Kathleen Woodward is an American academic. She is a Lockwood Professor in Humanities and in English at the University of Washington and has been the Director of the Simpson Center for the Humanities since 2000. Her areas of specialization include 20th-century American literature and culture; discourse of the emotions; technology and science studies; and age studies; digital humanities; and gender, women, and sexuality studies. She is working on risk in the context of globalization and population aging.

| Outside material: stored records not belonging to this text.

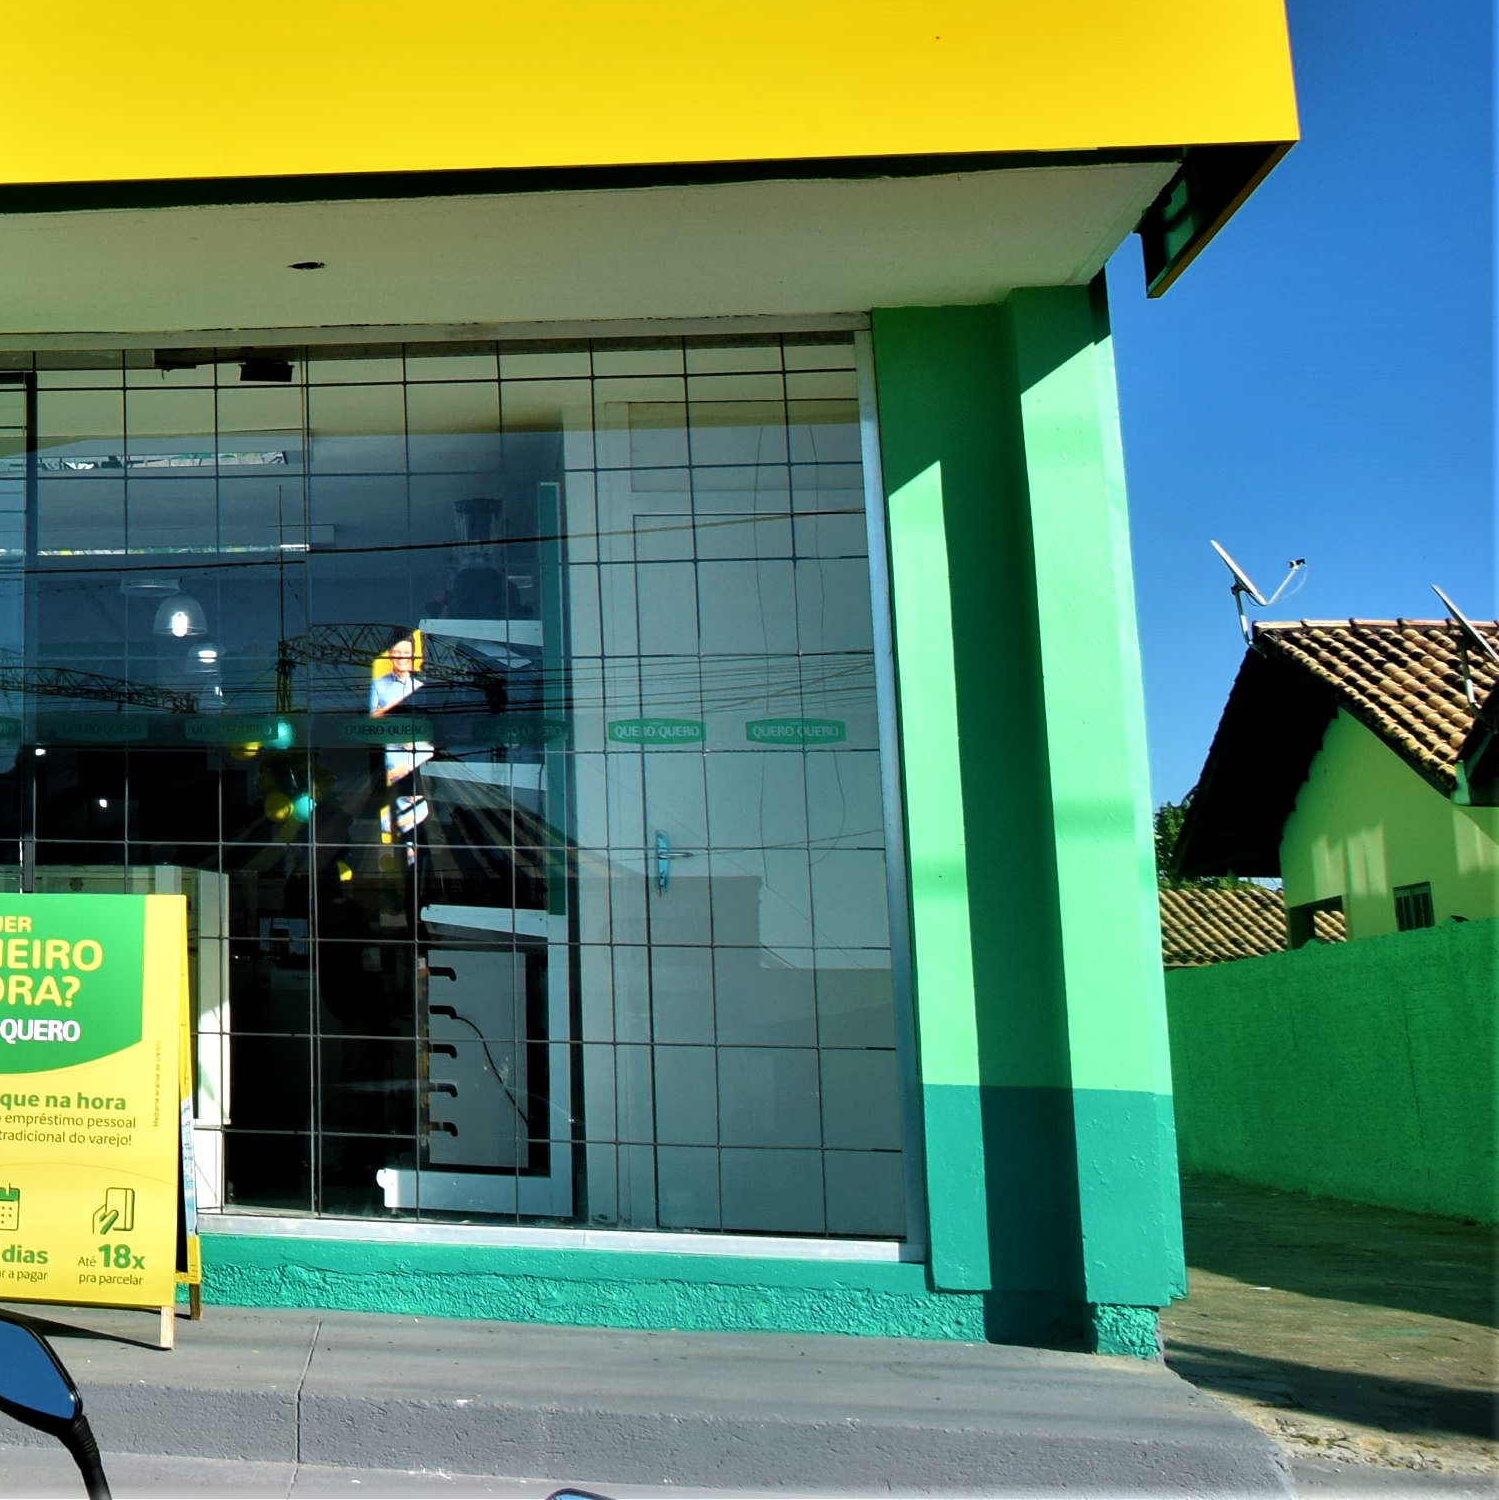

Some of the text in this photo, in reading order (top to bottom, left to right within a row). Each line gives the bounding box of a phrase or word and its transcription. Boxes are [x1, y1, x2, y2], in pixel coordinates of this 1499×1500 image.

[45, 1094, 71, 1108] na
[77, 1092, 126, 1110] hora
[5, 1113, 84, 1128] empréstimo
[87, 1116, 136, 1129] pessoal
[69, 1132, 86, 1144] do
[88, 1135, 132, 1147] varejo!
[2, 1245, 48, 1264] dias
[78, 1244, 145, 1269] Até 18x
[8, 1270, 14, 1278] a
[17, 1270, 48, 1282] pagar
[79, 1273, 143, 1286] pra parcelar
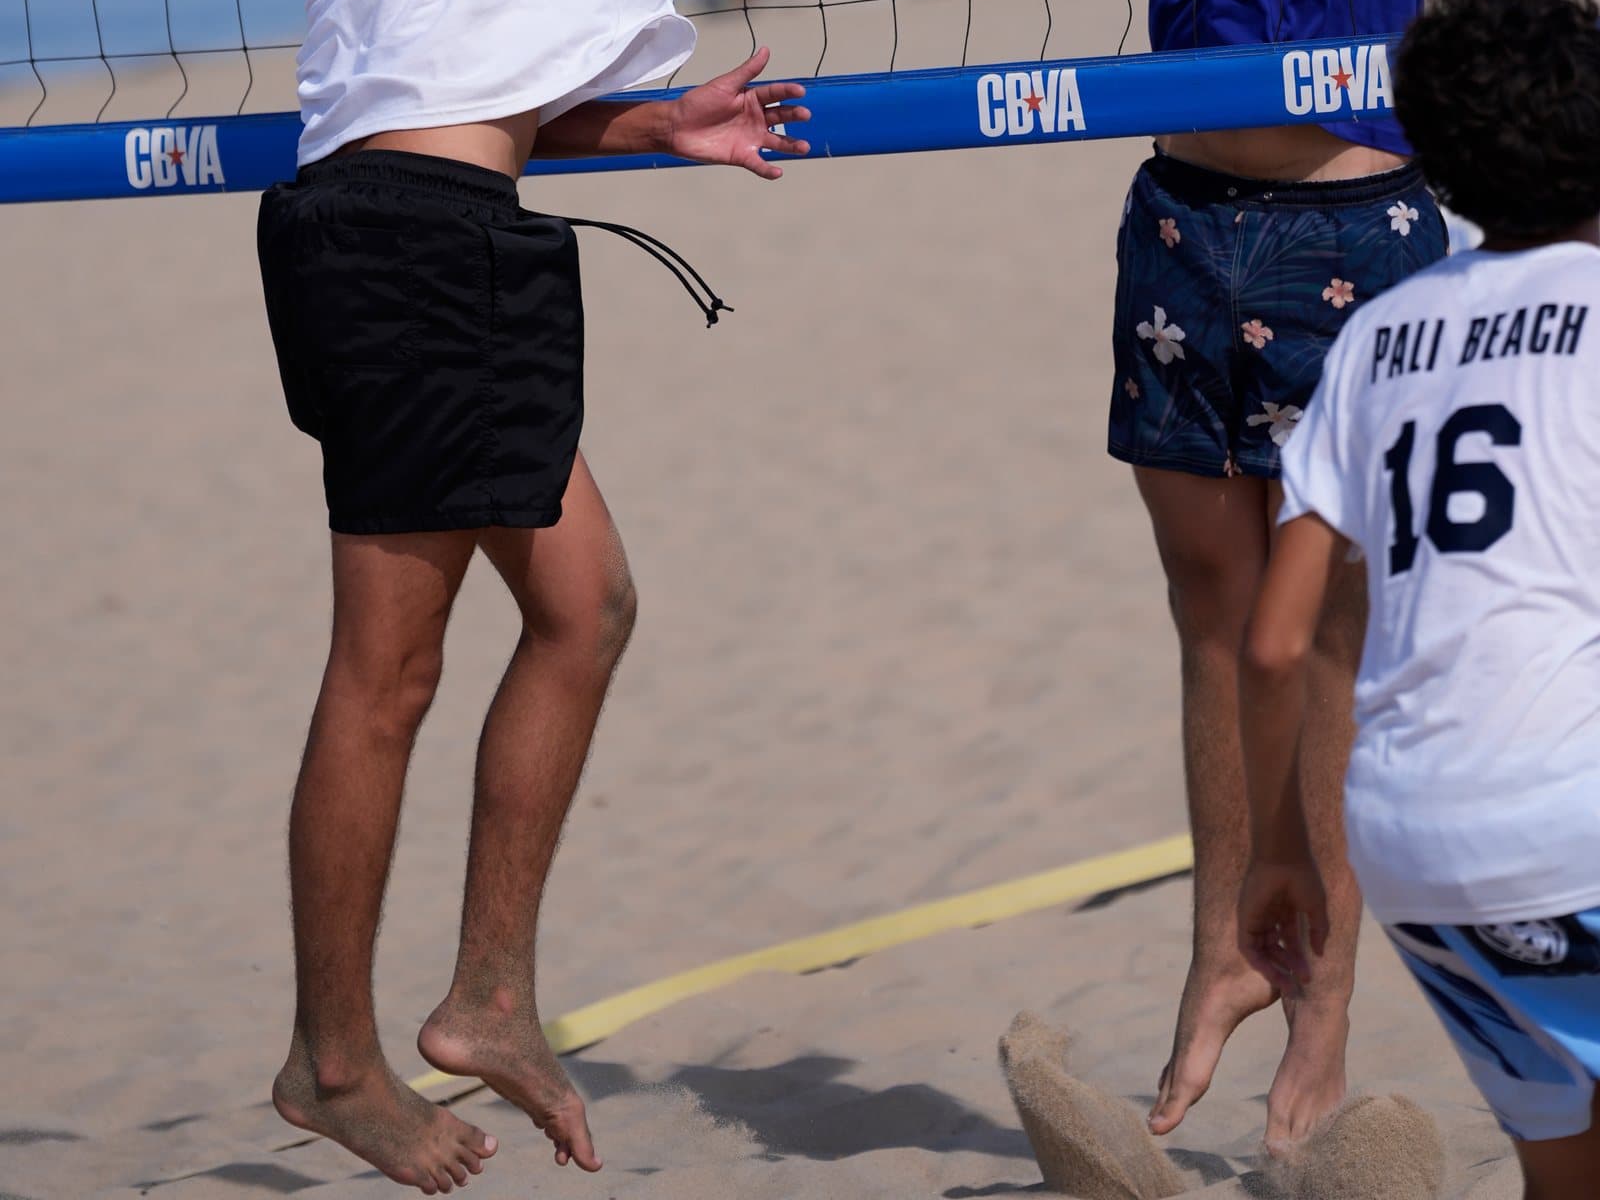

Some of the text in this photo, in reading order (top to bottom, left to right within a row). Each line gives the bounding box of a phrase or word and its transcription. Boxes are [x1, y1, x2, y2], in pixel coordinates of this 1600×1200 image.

[976, 68, 1087, 138] CBVA
[1282, 43, 1396, 116] CBVA
[125, 124, 226, 190] CBVA
[1370, 303, 1589, 385] PALI BEACH
[1383, 403, 1523, 578] 16
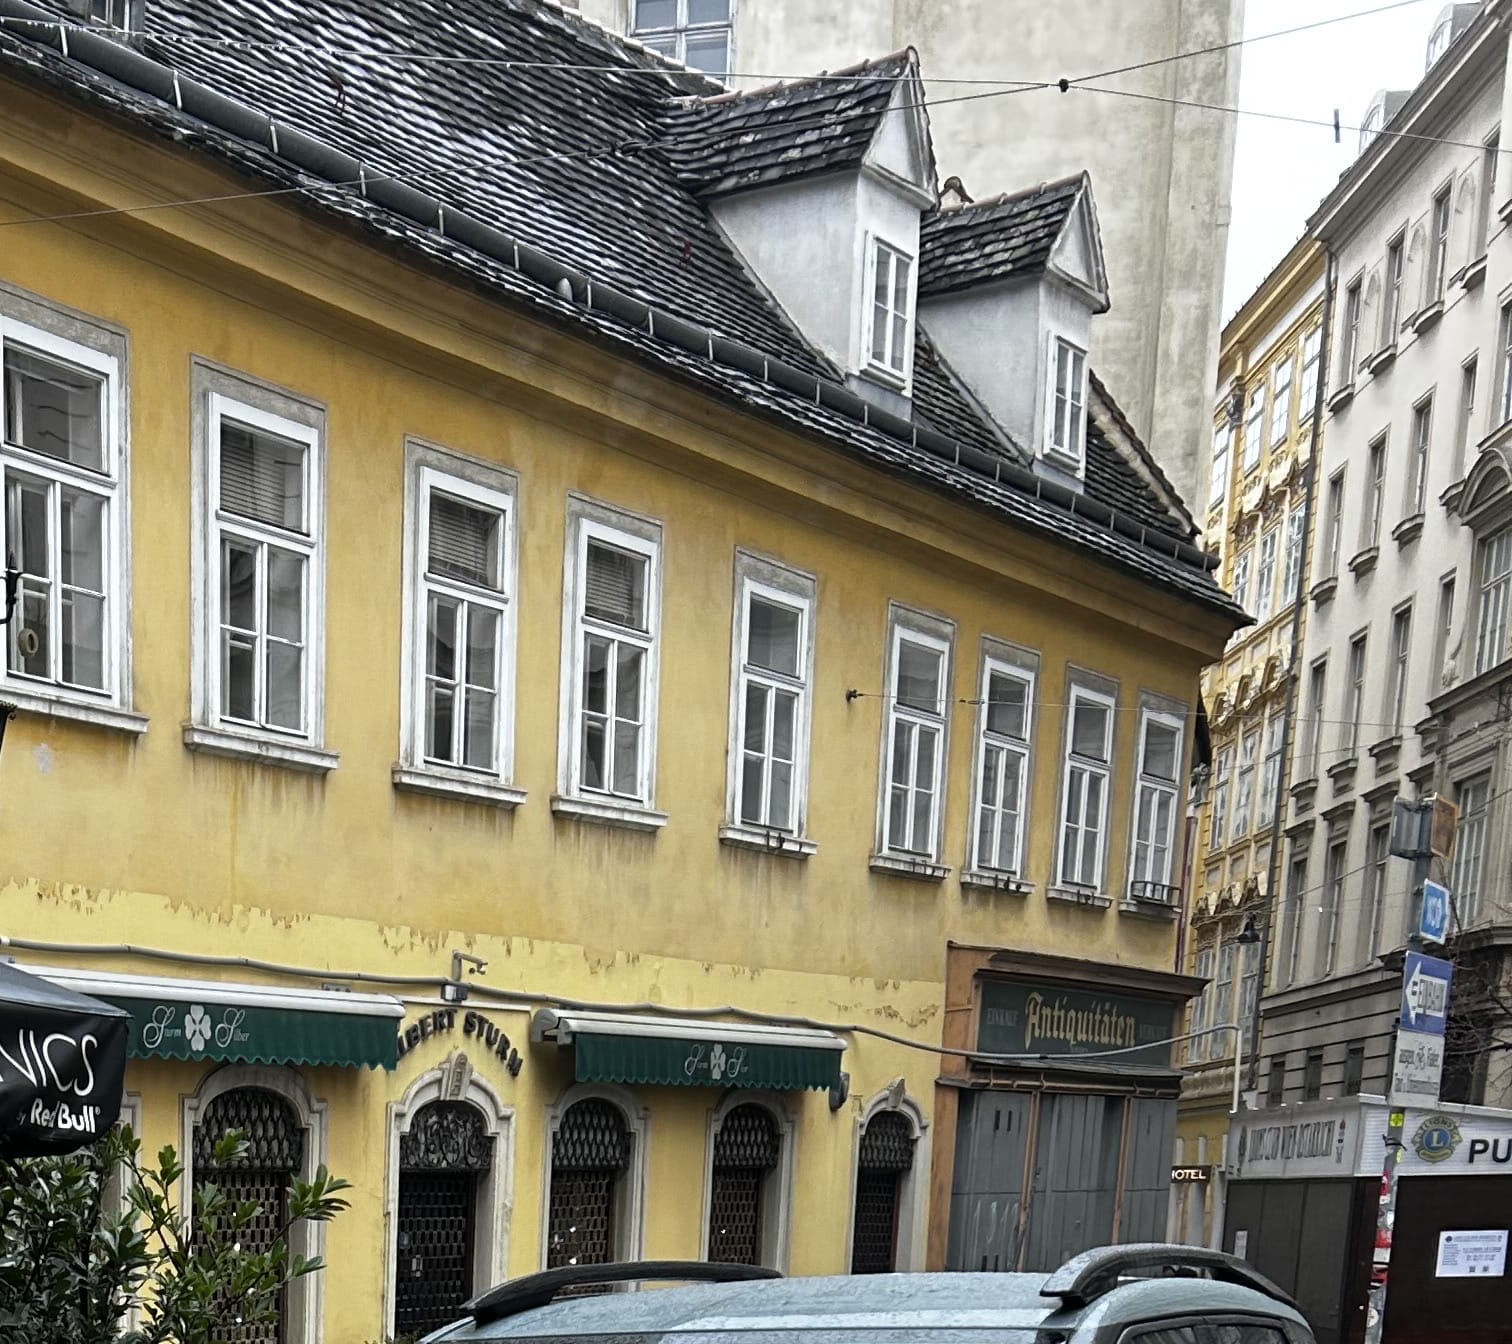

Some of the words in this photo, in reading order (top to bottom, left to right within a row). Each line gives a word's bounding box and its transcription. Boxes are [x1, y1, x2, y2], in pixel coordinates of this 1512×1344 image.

[397, 1008, 457, 1060] LBERT
[463, 1011, 523, 1077] STURM
[1025, 991, 1135, 1050] Antiquitäten
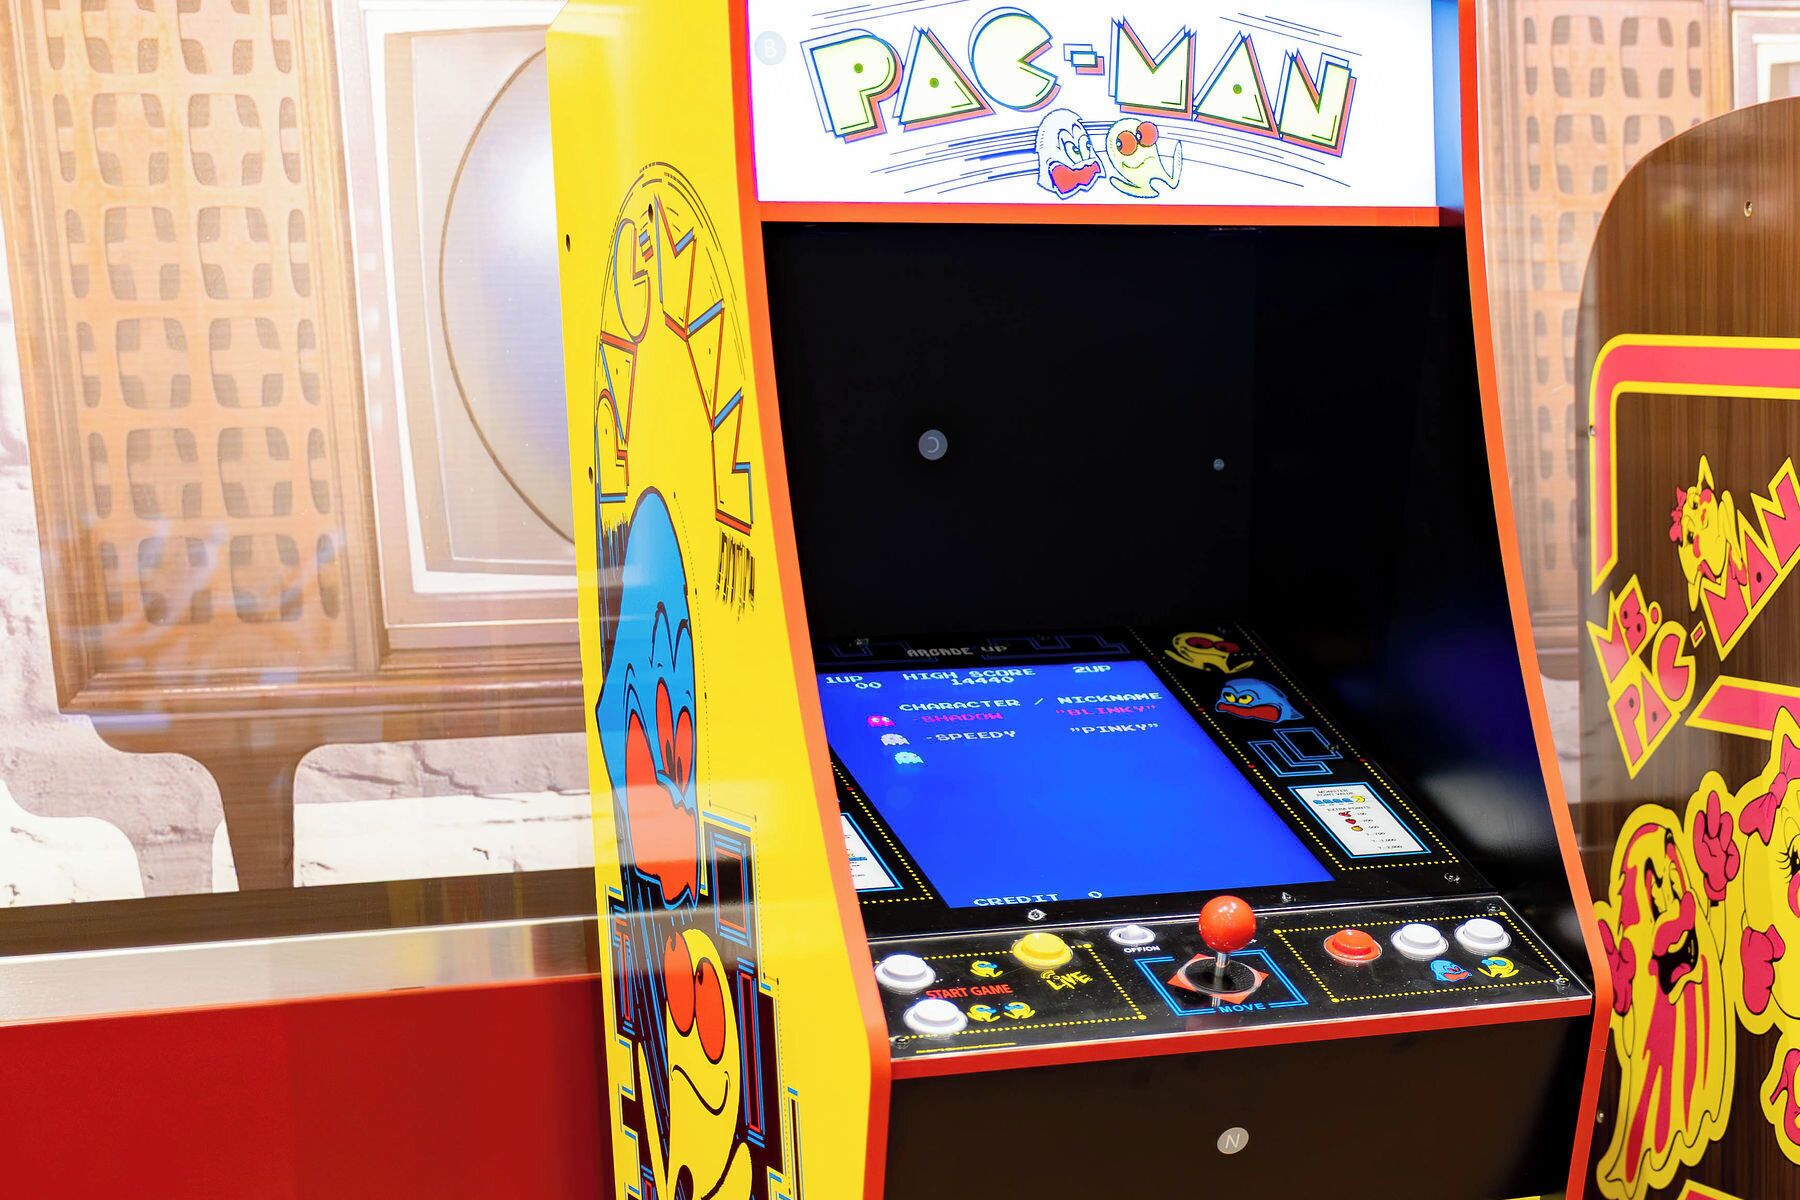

Her writing talks about the invisibility status of older women and she advocates for an arena of visibility.

Education 
Born Kathleen Middlekauff, Woodward attended Smith College where she received a B.A. in economics in 1966. She later attended the University of California, San Diego, where she received a Ph.D. in literature in 1976.

Career 
Woodward taught at the School for Advanced Studies in the Social Sciences (École des Hautes Études en Sciences Sociales) in Paris. She has received institutional grants from the Mellon Foundation, the National Endowment for the Humanities, the Woodrow Wilson National Fellowship Foundation, the Rockefeller Foundation, and the National Endowment for the Arts.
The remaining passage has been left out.